Your copy should match the entries exactly, with the pictures left out.
-------- PROVIDED DATA --------
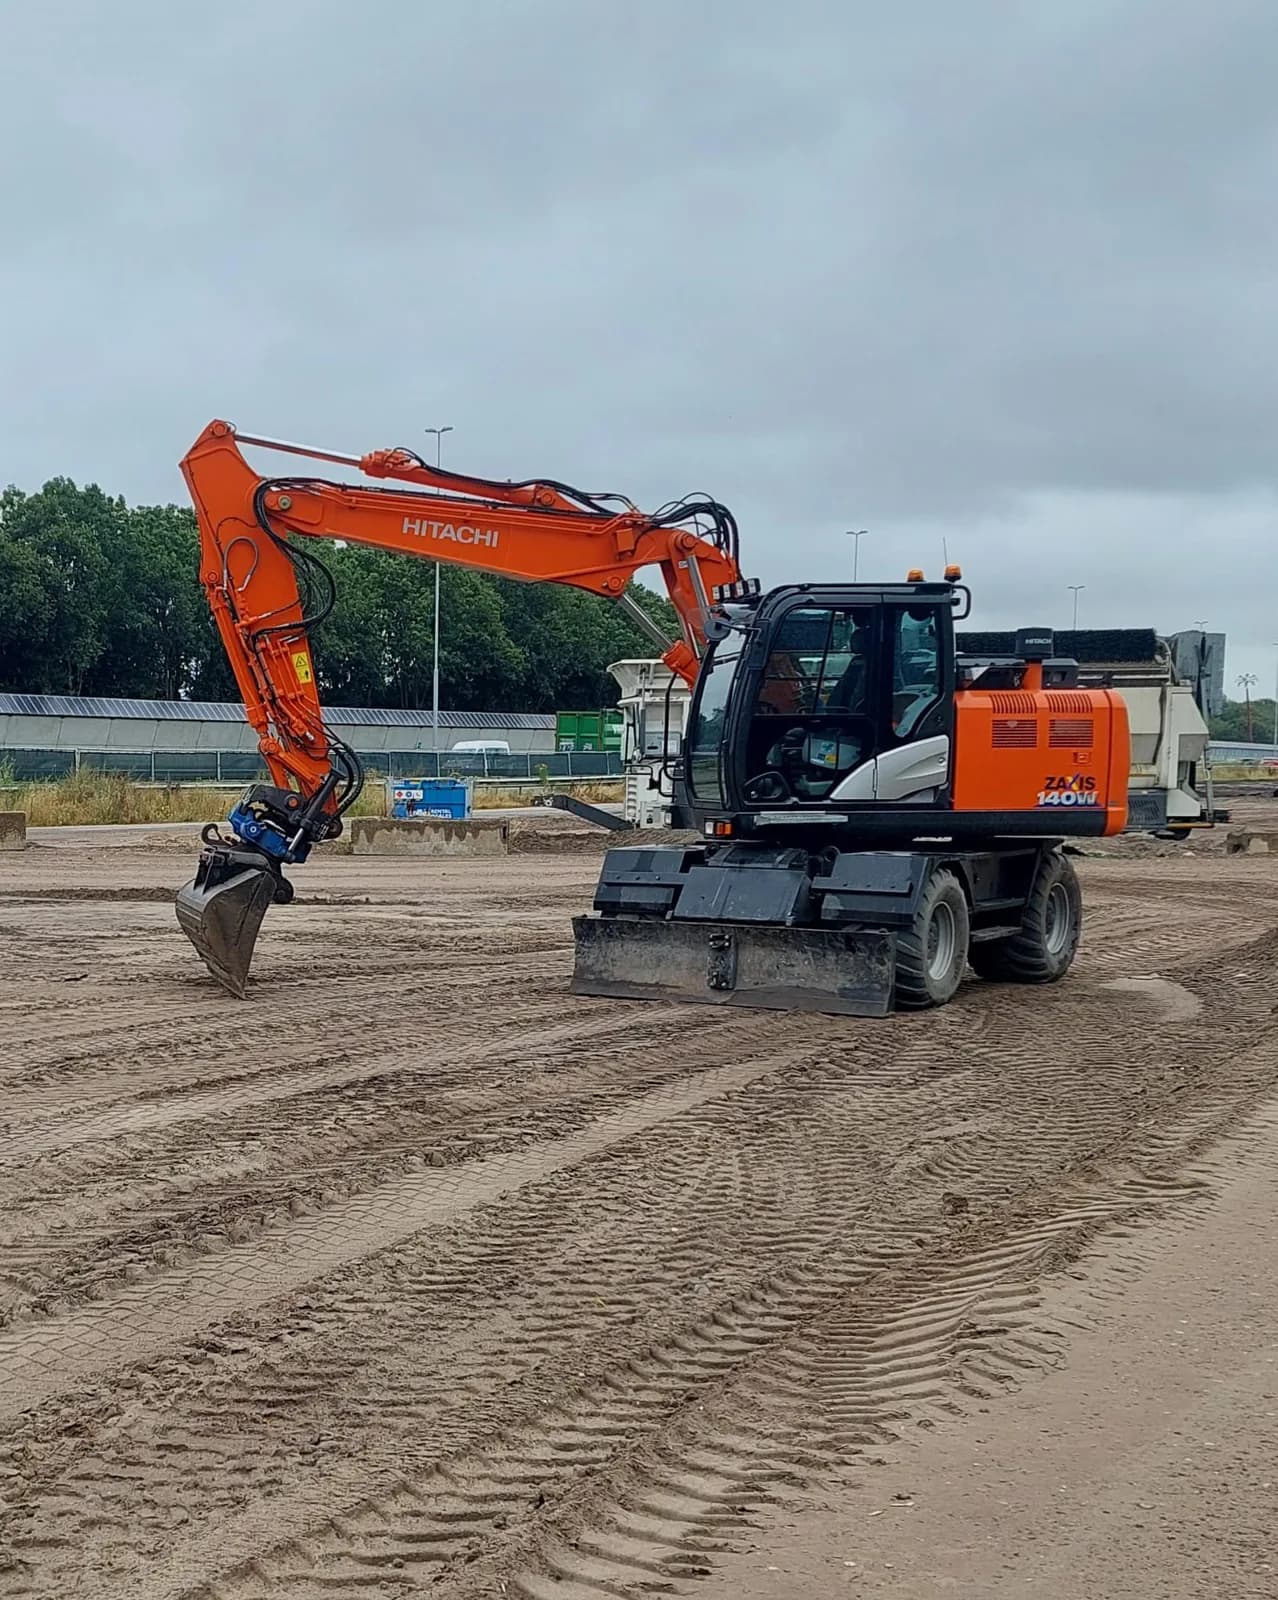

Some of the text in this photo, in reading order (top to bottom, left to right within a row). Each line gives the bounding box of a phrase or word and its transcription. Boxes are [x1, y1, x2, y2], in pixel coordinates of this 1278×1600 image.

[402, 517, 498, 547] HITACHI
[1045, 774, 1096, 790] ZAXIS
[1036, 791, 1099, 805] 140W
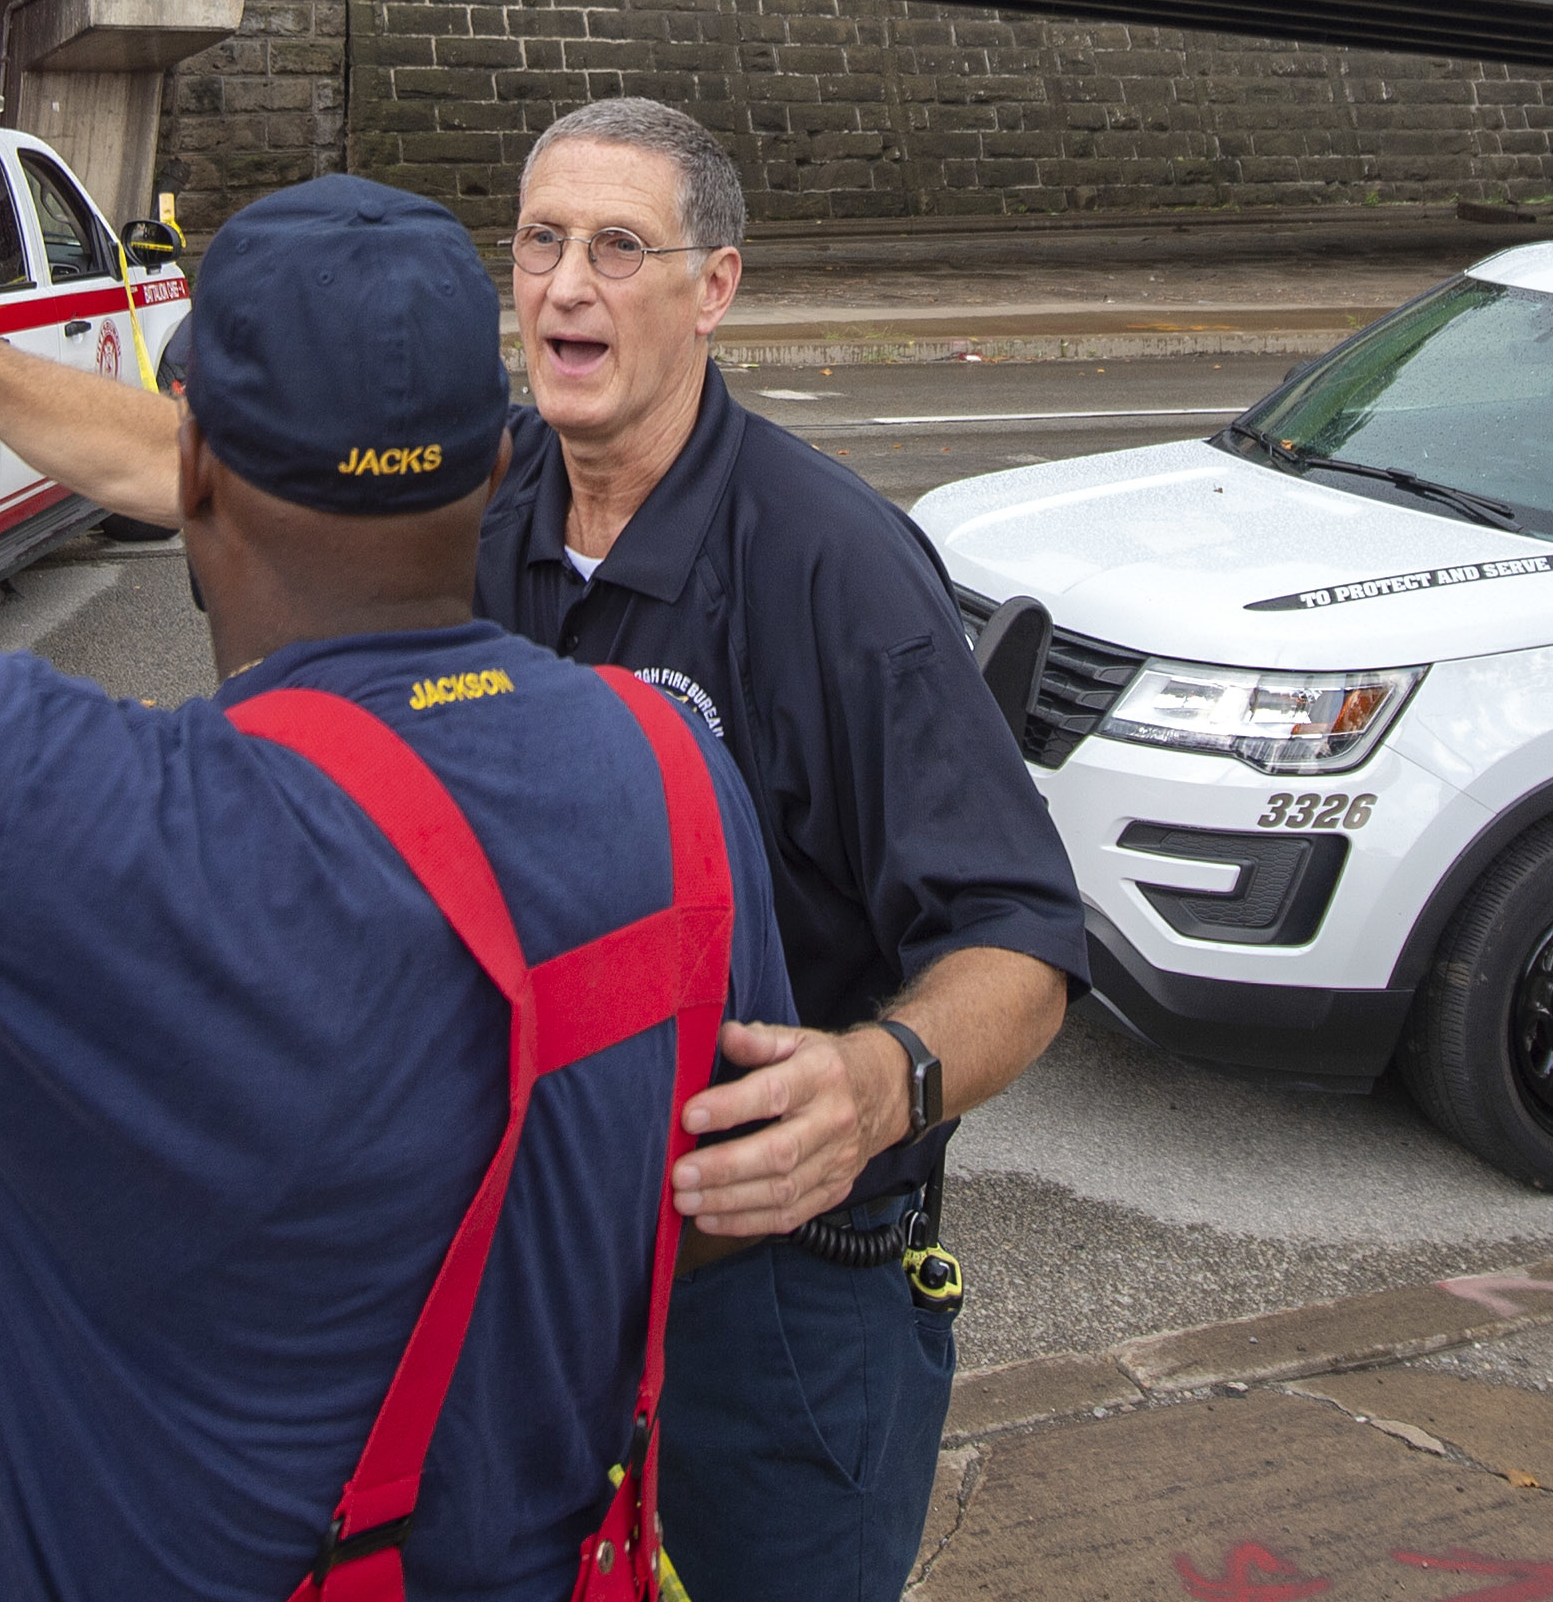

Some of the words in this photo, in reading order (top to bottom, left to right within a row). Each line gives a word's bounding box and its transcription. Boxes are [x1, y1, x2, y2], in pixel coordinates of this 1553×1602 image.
--------
ANSWER FOR THE TASK
Some of the text in this photo, in reading order (top to bottom, left to right within a row). Each line gives the bounding box of a phrase or word and its transcription. Boxes are [x1, y1, x2, y2], in pixel coordinates of this 1278×1600 image.

[402, 517, 498, 547] HITACHI
[1045, 774, 1096, 790] ZAXIS
[1036, 791, 1099, 805] 140W

Some of the words in this photo, in reading order (top to bottom, left to right within a row). Each line gives a word's bounding box and its transcription. Boxes are [x1, y1, x2, y2], in pixel coordinates of this 1553×1602 image.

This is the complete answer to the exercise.